TASK PROMPT:
Print every record exactly, but leave out the pictures.

GIVEN INFORMATION Block Start

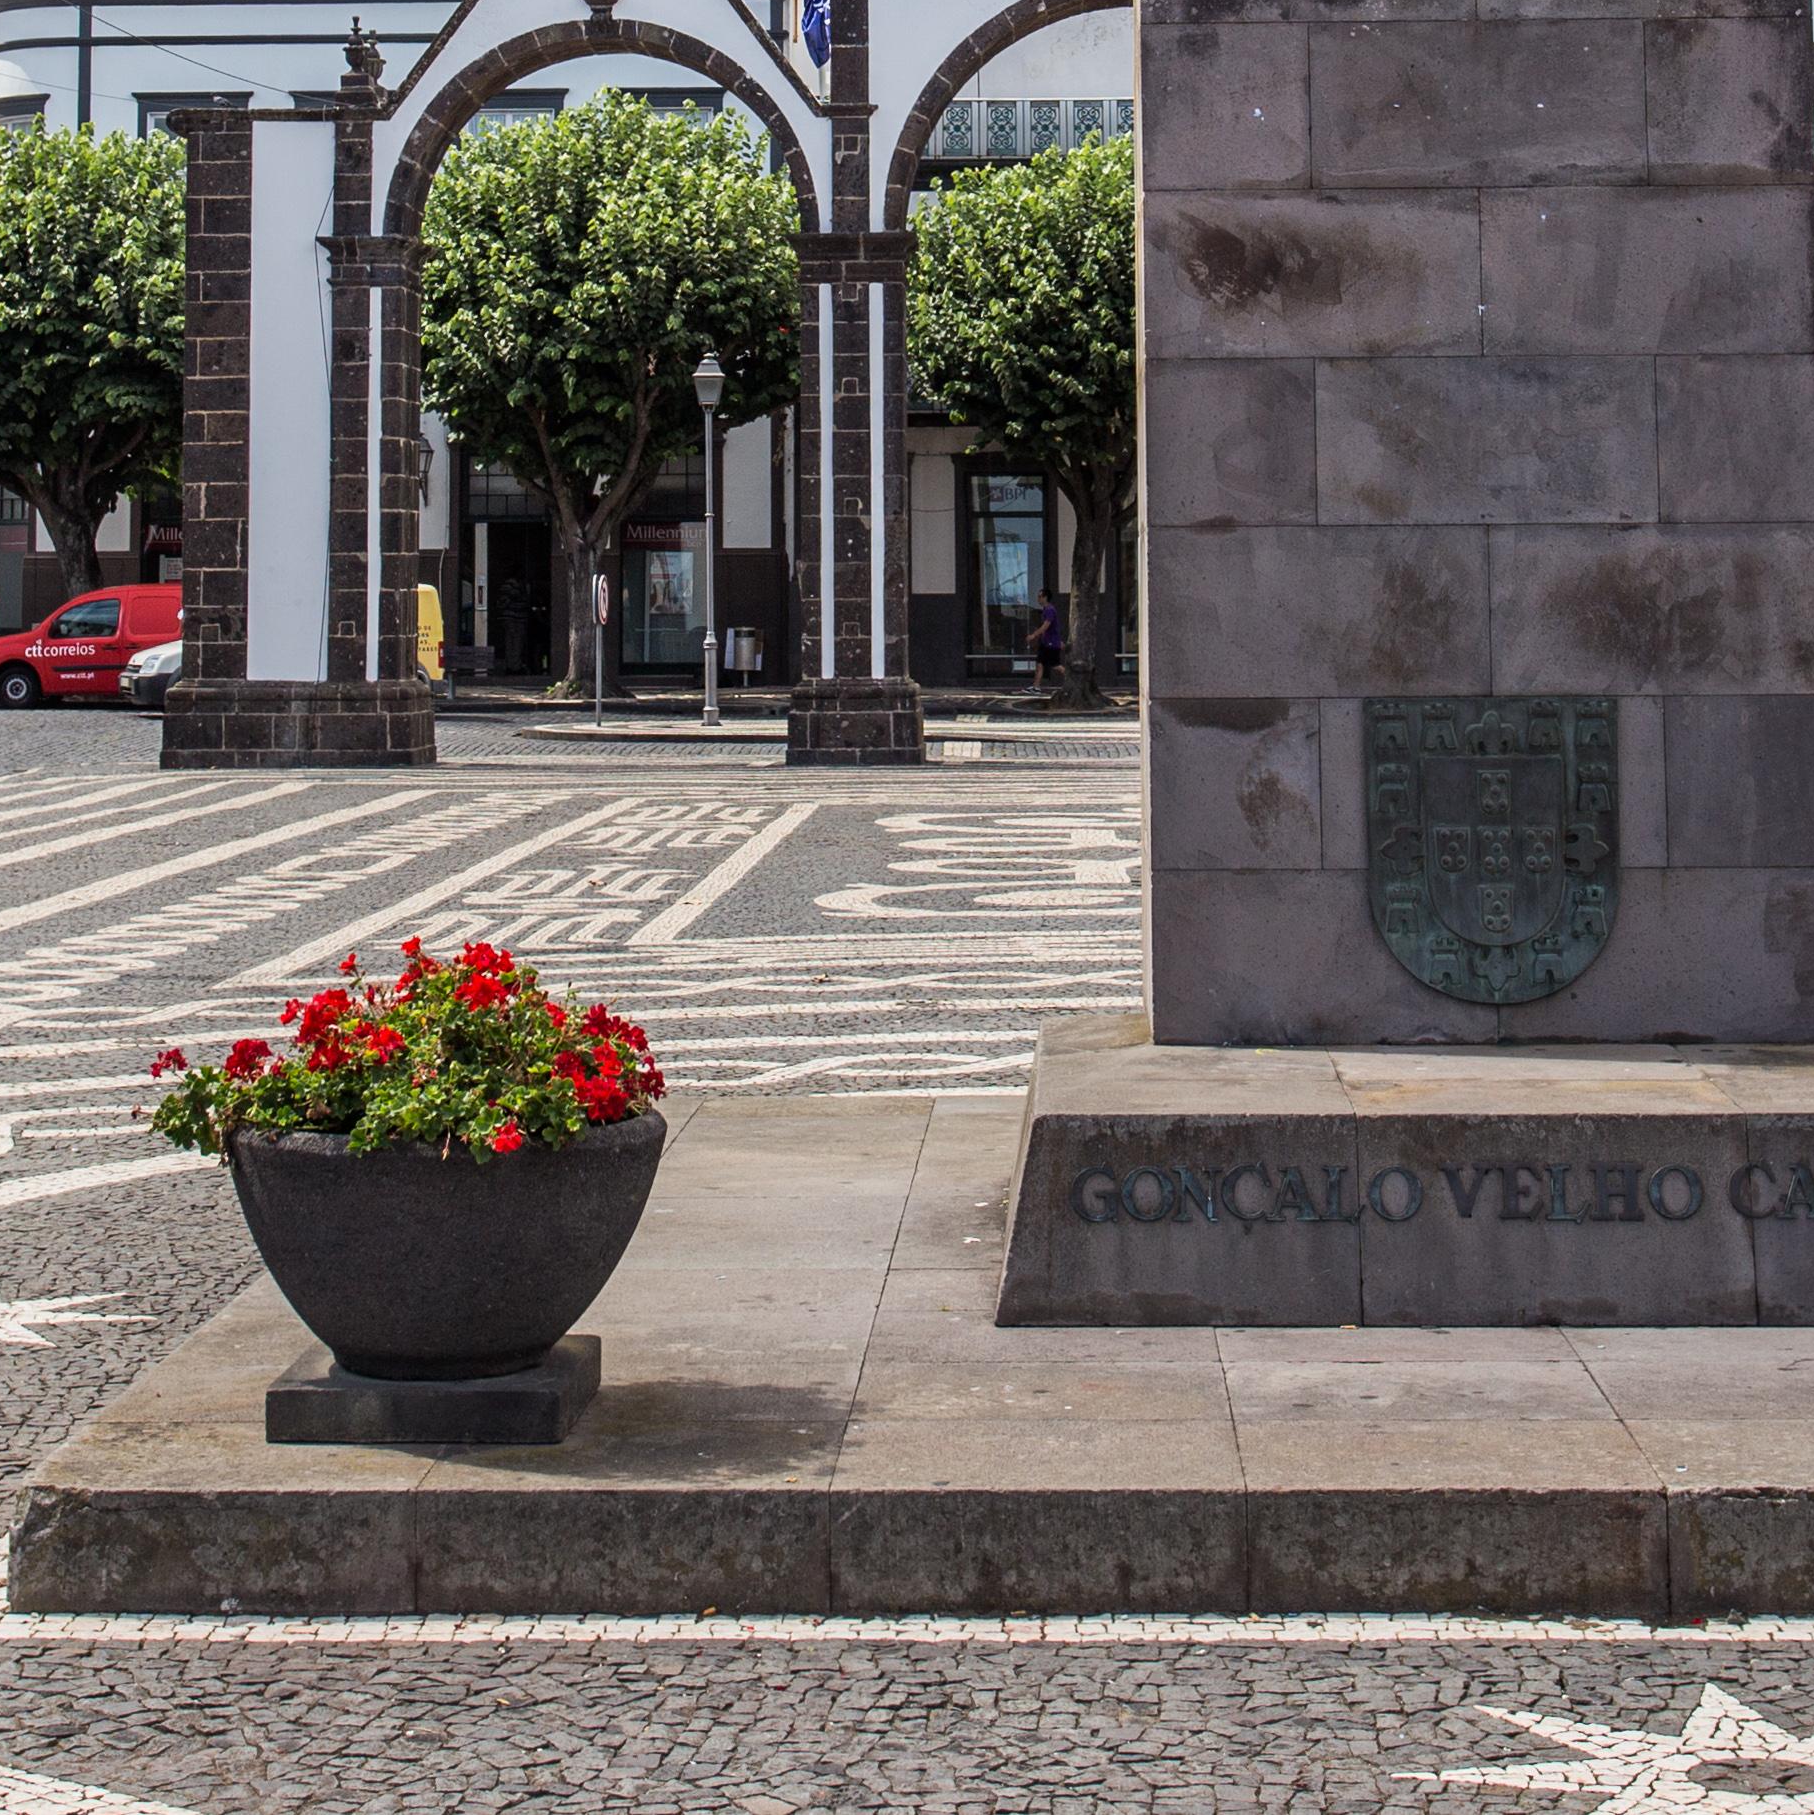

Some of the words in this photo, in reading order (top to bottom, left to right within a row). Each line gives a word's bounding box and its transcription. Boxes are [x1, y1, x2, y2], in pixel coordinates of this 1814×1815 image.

[25, 644, 43, 657] ctt
[44, 642, 96, 657] correios
[1440, 1160, 1704, 1224] VELHO
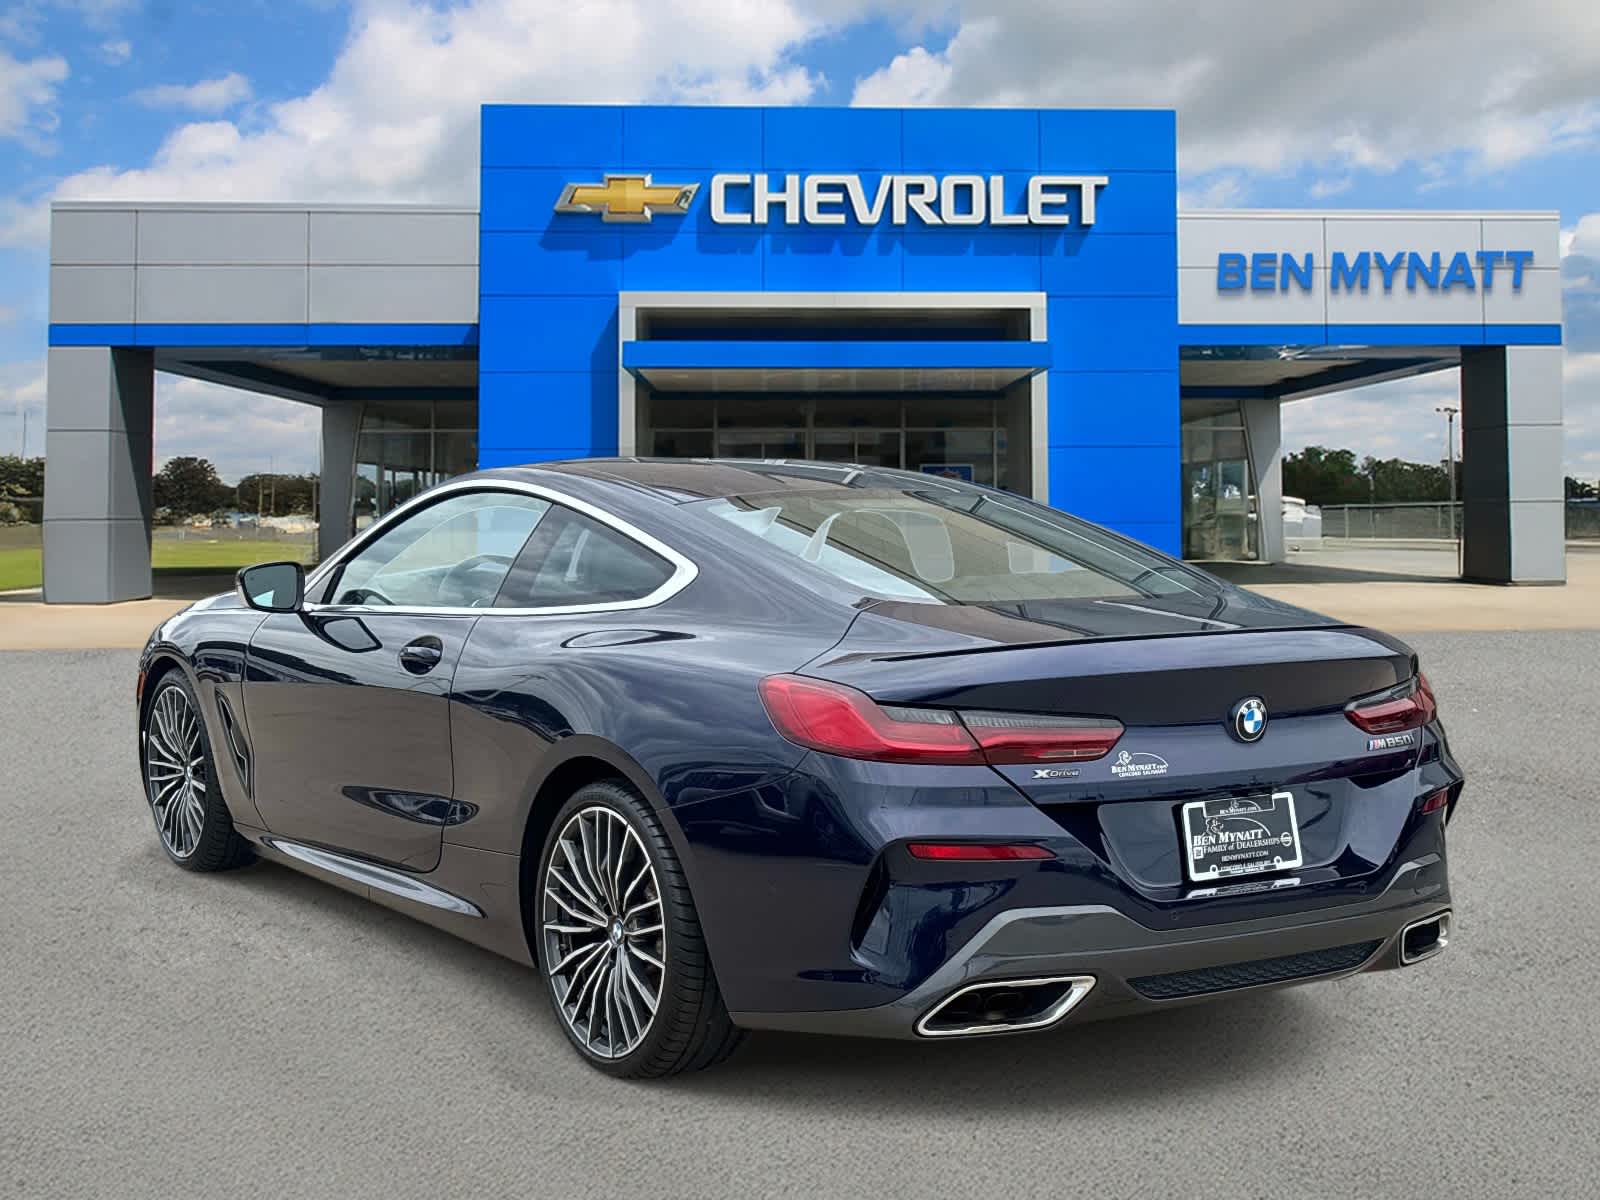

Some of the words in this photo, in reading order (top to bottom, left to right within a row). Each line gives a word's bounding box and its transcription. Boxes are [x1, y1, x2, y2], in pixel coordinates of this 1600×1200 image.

[710, 173, 1109, 226] CHEVROLET
[1217, 252, 1313, 290] BEN
[1330, 251, 1534, 290] MYNATT
[1193, 834, 1216, 847] BEN
[1219, 829, 1264, 843] MYNATT
[1203, 844, 1227, 854] FAMILY
[1236, 838, 1280, 849] DEALERSHIPS

GIVEN INFORMATION Block End

EXERCISE ANSWER:
Some of the words in this photo, in reading order (top to bottom, left to right within a row). Each line gives a word's bounding box and its transcription. Boxes are [x1, y1, x2, y2], in pixel coordinates of this 1814×1815 image.

[25, 644, 43, 657] ctt
[44, 642, 96, 657] correios
[1440, 1160, 1704, 1224] VELHO

Some of the words in this photo, in reading order (top to bottom, left to right within a row). Each line gives a word's bounding box and its transcription. Boxes are [x1, y1, x2, y2], in pixel coordinates of this 1600×1200 image.

[710, 173, 1109, 226] CHEVROLET
[1217, 252, 1313, 290] BEN
[1330, 251, 1534, 290] MYNATT
[1193, 834, 1216, 847] BEN
[1219, 829, 1264, 843] MYNATT
[1203, 844, 1227, 854] FAMILY
[1236, 838, 1280, 849] DEALERSHIPS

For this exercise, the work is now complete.